| What to work on |
Give back the whole listing exactly, line by line.

┏━━

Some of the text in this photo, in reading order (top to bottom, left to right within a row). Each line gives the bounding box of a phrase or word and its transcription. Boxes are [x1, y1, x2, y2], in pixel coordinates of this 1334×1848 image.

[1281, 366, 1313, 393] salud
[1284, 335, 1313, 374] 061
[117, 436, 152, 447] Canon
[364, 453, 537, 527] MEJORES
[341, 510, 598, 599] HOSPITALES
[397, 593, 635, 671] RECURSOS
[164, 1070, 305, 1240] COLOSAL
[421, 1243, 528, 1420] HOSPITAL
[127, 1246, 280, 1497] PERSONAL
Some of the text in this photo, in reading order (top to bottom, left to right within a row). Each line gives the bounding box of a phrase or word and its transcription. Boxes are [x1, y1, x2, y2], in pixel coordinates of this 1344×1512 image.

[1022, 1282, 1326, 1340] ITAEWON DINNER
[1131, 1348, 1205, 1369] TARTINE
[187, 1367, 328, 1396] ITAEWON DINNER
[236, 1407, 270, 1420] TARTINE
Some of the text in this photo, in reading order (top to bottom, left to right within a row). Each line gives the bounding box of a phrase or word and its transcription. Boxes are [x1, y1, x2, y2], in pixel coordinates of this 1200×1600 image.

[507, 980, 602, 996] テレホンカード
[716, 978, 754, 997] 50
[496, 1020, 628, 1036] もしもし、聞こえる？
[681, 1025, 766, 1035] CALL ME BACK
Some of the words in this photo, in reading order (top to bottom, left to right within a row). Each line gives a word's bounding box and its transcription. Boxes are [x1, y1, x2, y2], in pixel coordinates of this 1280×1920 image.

┗━━

| Response area |
Some of the text in this photo, in reading order (top to bottom, left to right within a row). Each line gives the bounding box of a phrase or word and its transcription. Boxes are [x1, y1, x2, y2], in pixel coordinates of this 1334×1848 image.

[1281, 366, 1313, 393] salud
[1284, 335, 1313, 374] 061
[117, 436, 152, 447] Canon
[364, 453, 537, 527] MEJORES
[341, 510, 598, 599] HOSPITALES
[397, 593, 635, 671] RECURSOS
[164, 1070, 305, 1240] COLOSAL
[421, 1243, 528, 1420] HOSPITAL
[127, 1246, 280, 1497] PERSONAL
Some of the text in this photo, in reading order (top to bottom, left to right within a row). Each line gives the bounding box of a phrase or word and its transcription. Boxes are [x1, y1, x2, y2], in pixel coordinates of this 1344×1512 image.

[1022, 1282, 1326, 1340] ITAEWON DINNER
[1131, 1348, 1205, 1369] TARTINE
[187, 1367, 328, 1396] ITAEWON DINNER
[236, 1407, 270, 1420] TARTINE
Some of the text in this photo, in reading order (top to bottom, left to right within a row). Each line gives the bounding box of a phrase or word and its transcription. Boxes are [x1, y1, x2, y2], in pixel coordinates of this 1200×1600 image.

[507, 980, 602, 996] テレホンカード
[716, 978, 754, 997] 50
[496, 1020, 628, 1036] もしもし、聞こえる？
[681, 1025, 766, 1035] CALL ME BACK
Some of the words in this photo, in reading order (top to bottom, left to right within a row). Each line gives a word's bounding box and its transcription. Boxes are [x1, y1, x2, y2], in pixel coordinates of this 1280×1920 image.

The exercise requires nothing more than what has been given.